Last week, we met with James’s ophthalmologist for his regular checkup and having to go tied my stomach in knots. James had OCT scans and other pictures taken of his eyes — detailed images that help us see what’s happening behind the scenes, so to speak.
His left eye was still showing signs of regression, but regressing slowly — and we believe that’s thanks to the injections. His right eye, thankfully, appears stable. Not necessarily improving, but not getting worse either, and with Batten Disease, stability is a win we will take.
I remember holding my breath as the doctor went through each image. And let me tell you, she took her time analyzing each and every image – comparing them to the last images taken. In the back of my mind, I was preparing for the conversation I’ve dreaded: “We should probably start thinking about James’s quality of life with the ocular injections and if they’re still worth continuing.”
But that conversation never came. The regression was so miniscule, his doctor and I decided the injections were still worth it. Since the June to July regression visit, we’ve had the July to August visit with images showing that, even though his left eye regressed, it is now holding steady with no changes.
For now, we get to keep fighting and keep preserving what he has. And that feels like a small miracle.

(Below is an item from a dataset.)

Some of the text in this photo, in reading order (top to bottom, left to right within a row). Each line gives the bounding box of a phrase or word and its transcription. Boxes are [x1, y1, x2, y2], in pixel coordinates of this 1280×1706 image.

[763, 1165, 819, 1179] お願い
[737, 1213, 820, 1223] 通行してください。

-------Warning: Venting Frustration!-------
Recently, I read an article from the BDSRA website (it’s their ongoing research update article) about the UK and Brineura. Here is a very short summary of the UK’s decision regarding access to Brineura for CLN2 patients and I’ll post the link to the BDSRA article below.

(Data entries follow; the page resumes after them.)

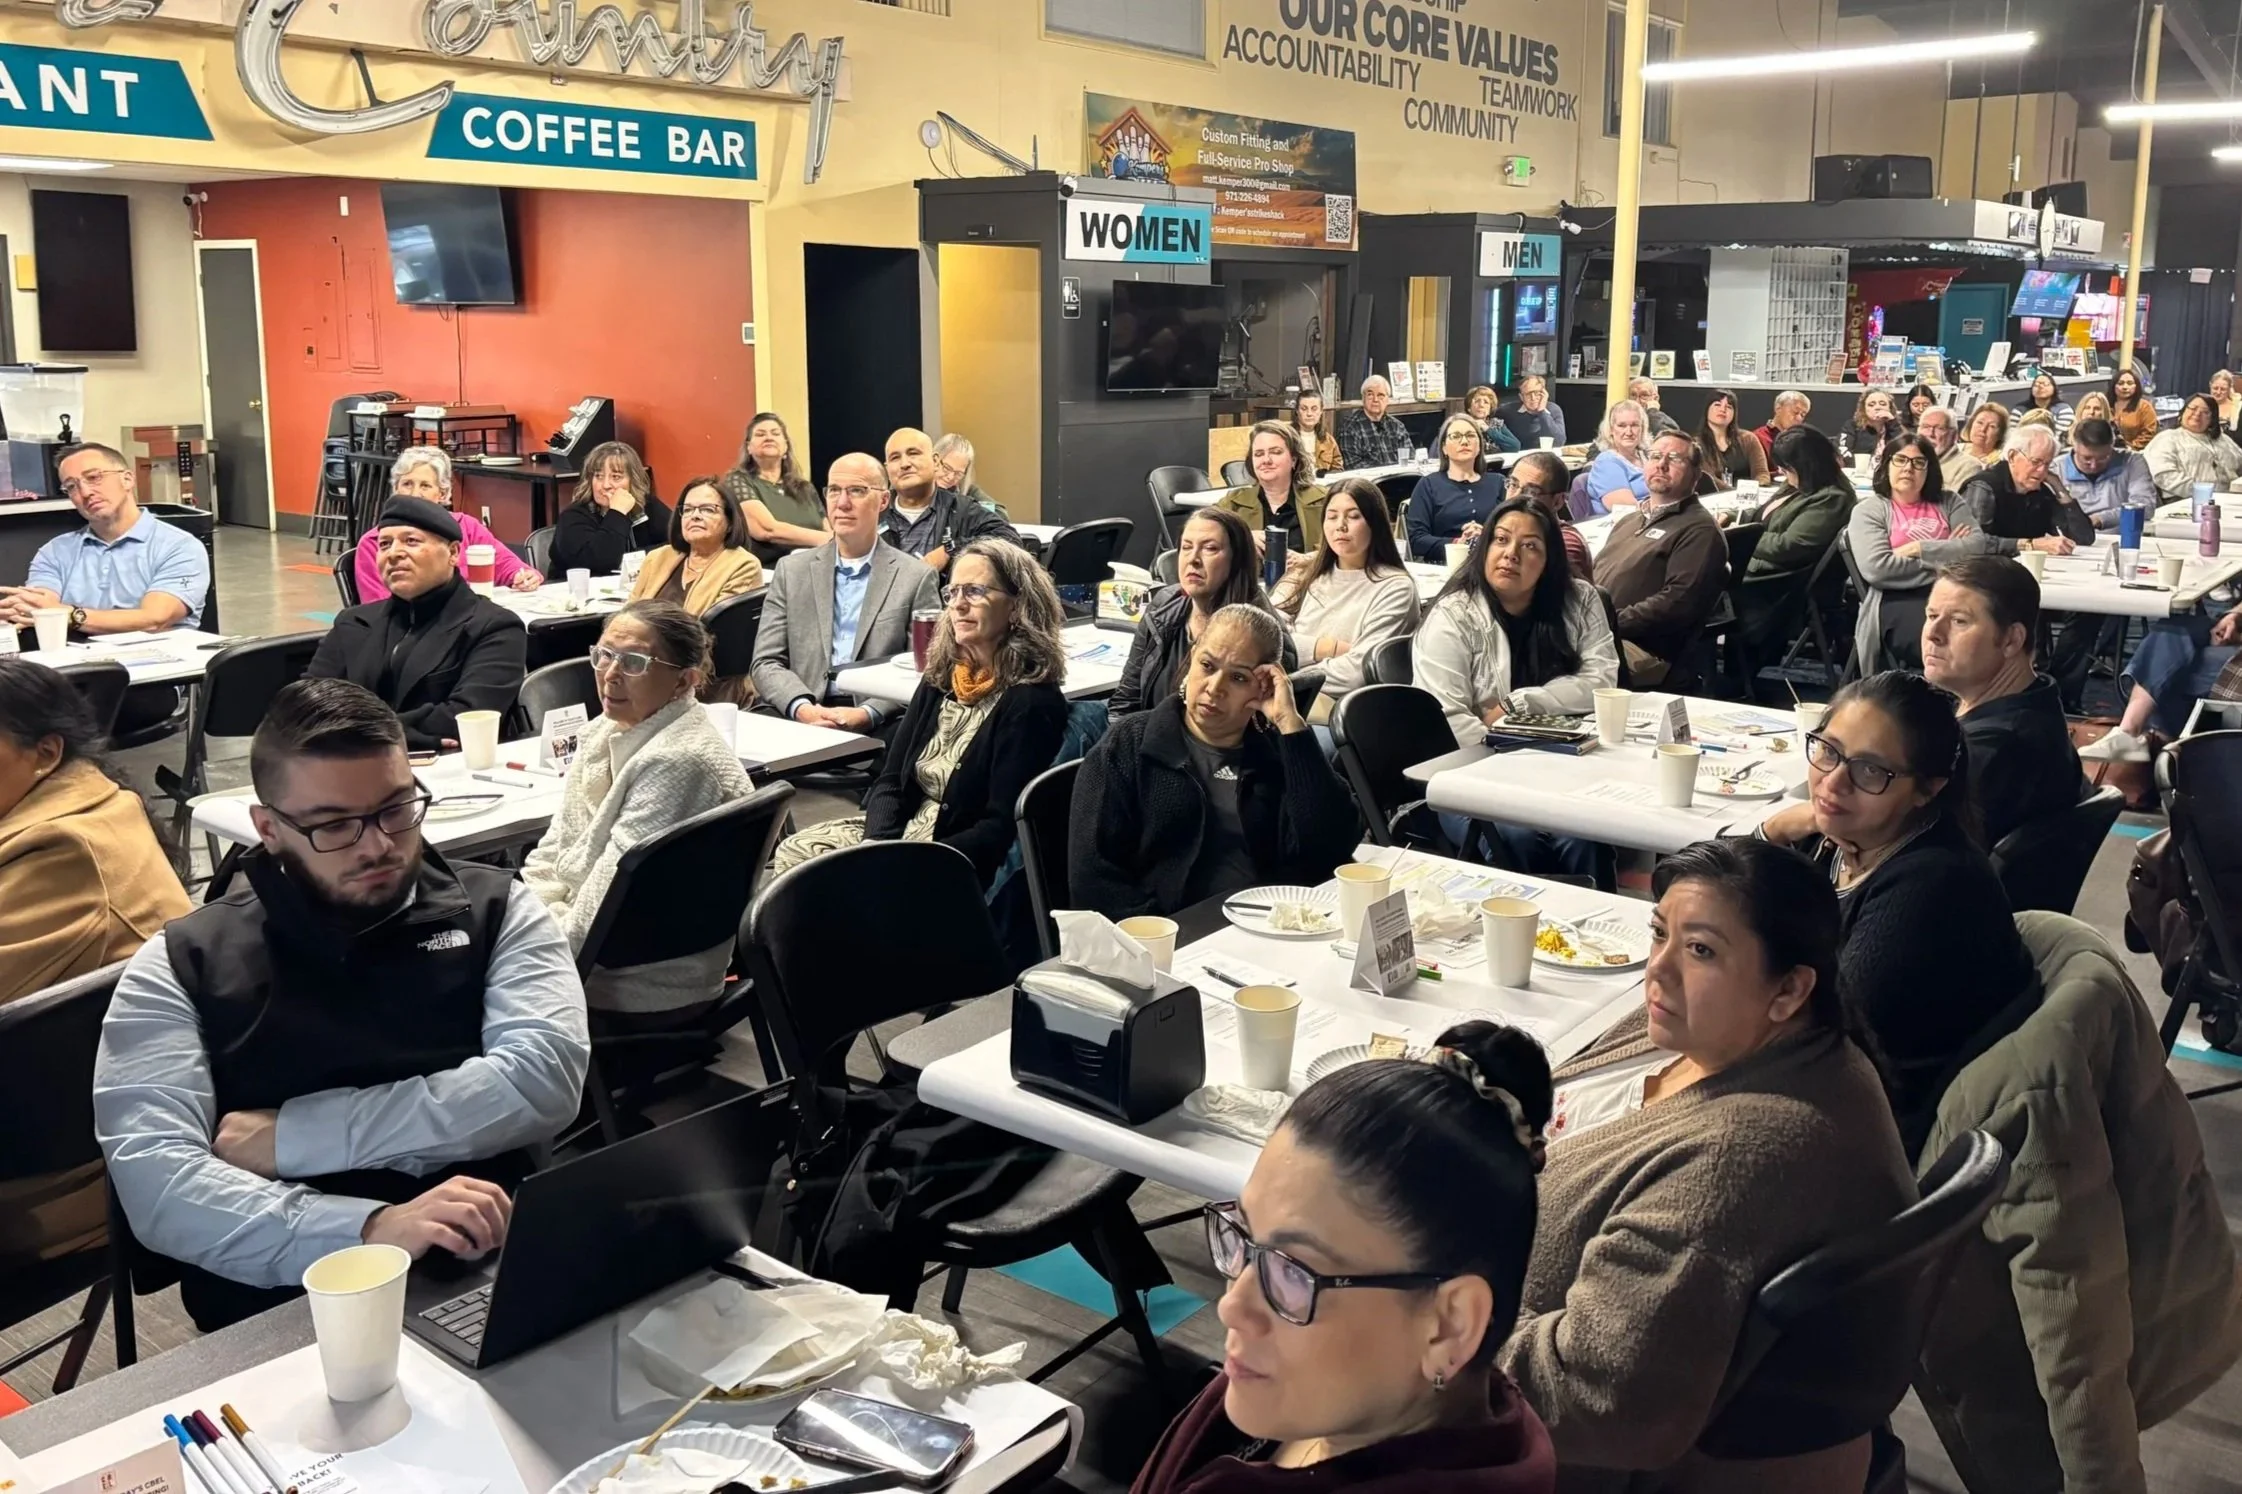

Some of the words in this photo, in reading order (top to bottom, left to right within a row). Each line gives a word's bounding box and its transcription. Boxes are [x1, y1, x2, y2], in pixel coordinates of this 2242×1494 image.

[1223, 24, 1422, 92] ACCOUNTABILITY
[1280, 0, 1357, 42] OUR
[1363, 0, 1450, 62] CORE
[1455, 21, 1559, 87] VALUES
[1404, 97, 1519, 144] COMMUNITY
[1479, 75, 1578, 122] TEAMWORK
[461, 107, 641, 160] COFFEE
[667, 126, 746, 168] BAR
[1202, 127, 1238, 145] Custom
[1240, 132, 1271, 152] Fitting
[1273, 138, 1289, 152] and
[1197, 150, 1252, 169] Full-Service
[1254, 156, 1270, 172] Pro
[1272, 160, 1294, 176] Shop
[1080, 211, 1201, 253] WOMEN
[1503, 241, 1543, 268] MEN
[308, 1452, 344, 1471] YOUR

Within the past few months, the UK’s NICE decided that after December 2025, children diagnosed with CLN2 will not be able to start treatment with Brineura—the only therapy that slows the progression of this disease.
As you all know, James receives Brineura every other week. It doesn’t cure him, but it gives him, and us, precious time to walk, play, and just be a kid and family. Under this ruling, children diagnosed after December 2025 won’t get that chance. Families like ours know exactly what that means—regression, suffering, and loss that could have been delayed.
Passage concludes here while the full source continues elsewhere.